Bioabsorbable and biodegradable composites have experienced rapid growth, owing to their high demand in the biomedical sector. Polymer-cellulose nanocrystal (CNC) compounds were developed using a medical-grade poly (ε-caprolactone) (PCL) matrix to improve the stiffness and load-bearing capacity of pure PCL. Five PCL/CNCs filament grades were melt-extruded, pelletized, and fed into an industrial bioplotter to fabricate specimens. To assess the effects of CNCs on pure PCL, 14 tests were conducted, including rheological, thermomechanical, and in situ micro-mechanical testing, among others.

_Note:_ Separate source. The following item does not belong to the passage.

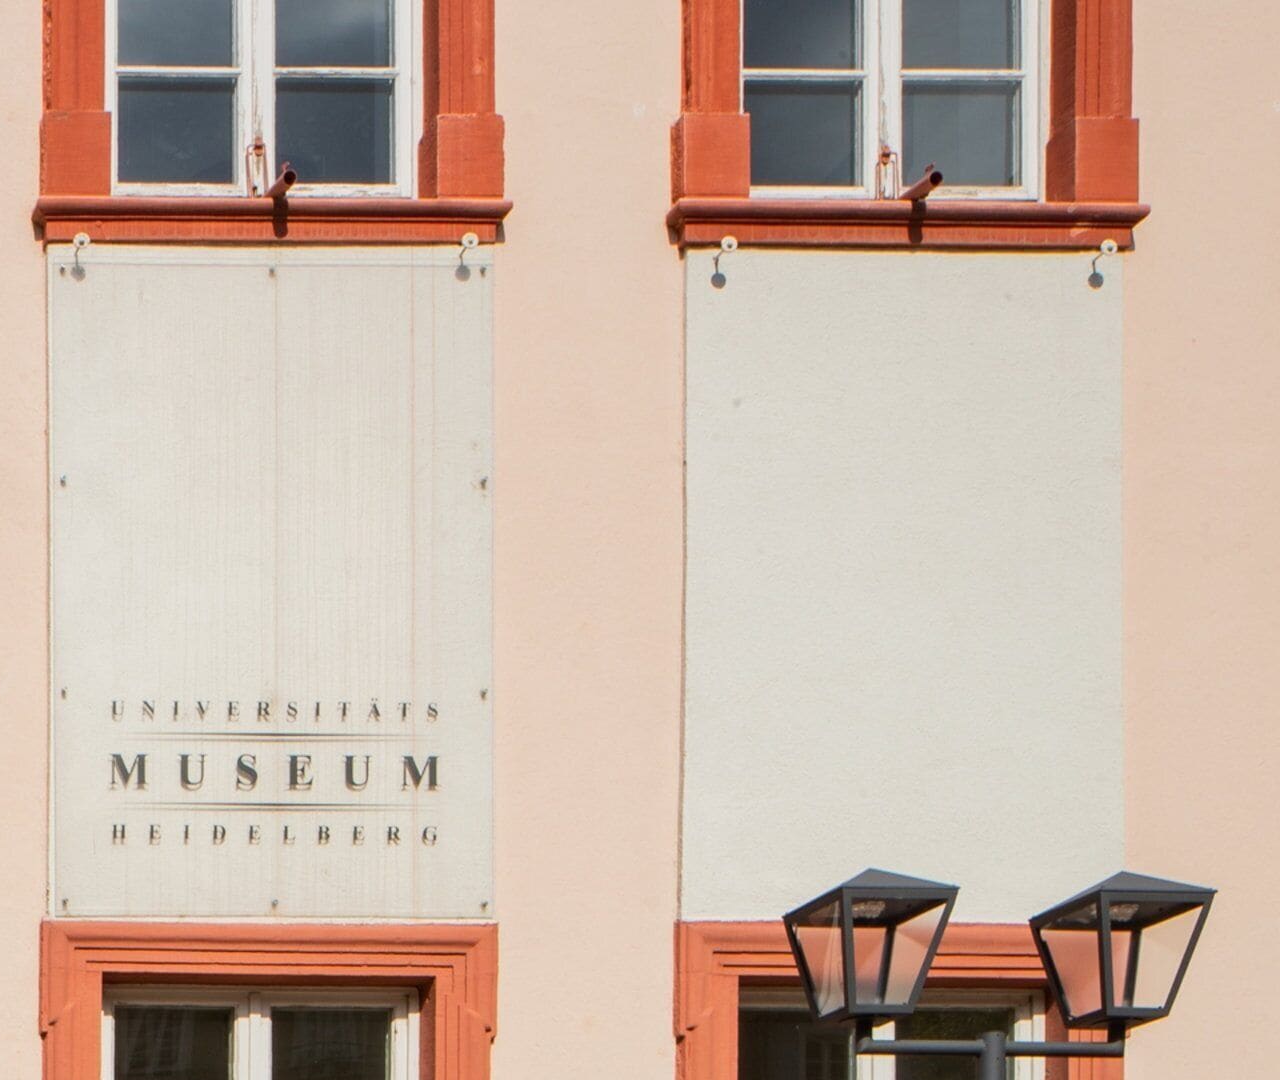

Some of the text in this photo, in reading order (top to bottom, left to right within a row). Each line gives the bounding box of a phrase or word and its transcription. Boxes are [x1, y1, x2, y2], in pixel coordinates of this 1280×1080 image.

[111, 698, 439, 719] UNIVERSITÄTS
[109, 753, 440, 788] MUSEUM
[112, 824, 438, 844] HEIDELBERG

The porosity and dimensional accuracy of the samples were also documented using micro-computed tomography while scanning electron microscopy was employed for morphological characterization. Overall, the 4.0 wt % CNCs loading accomplished the optimum mechanical response, with an increase in its tensile (19.1%) and flexural strength (12.6%) compared to pure PCL. Concurrently, this grade exhibited the highest MFR, minimum porosity, and highest nominal-to-actual geometric accuracy, thereby convincingly interpreting the reinforcement mechanisms.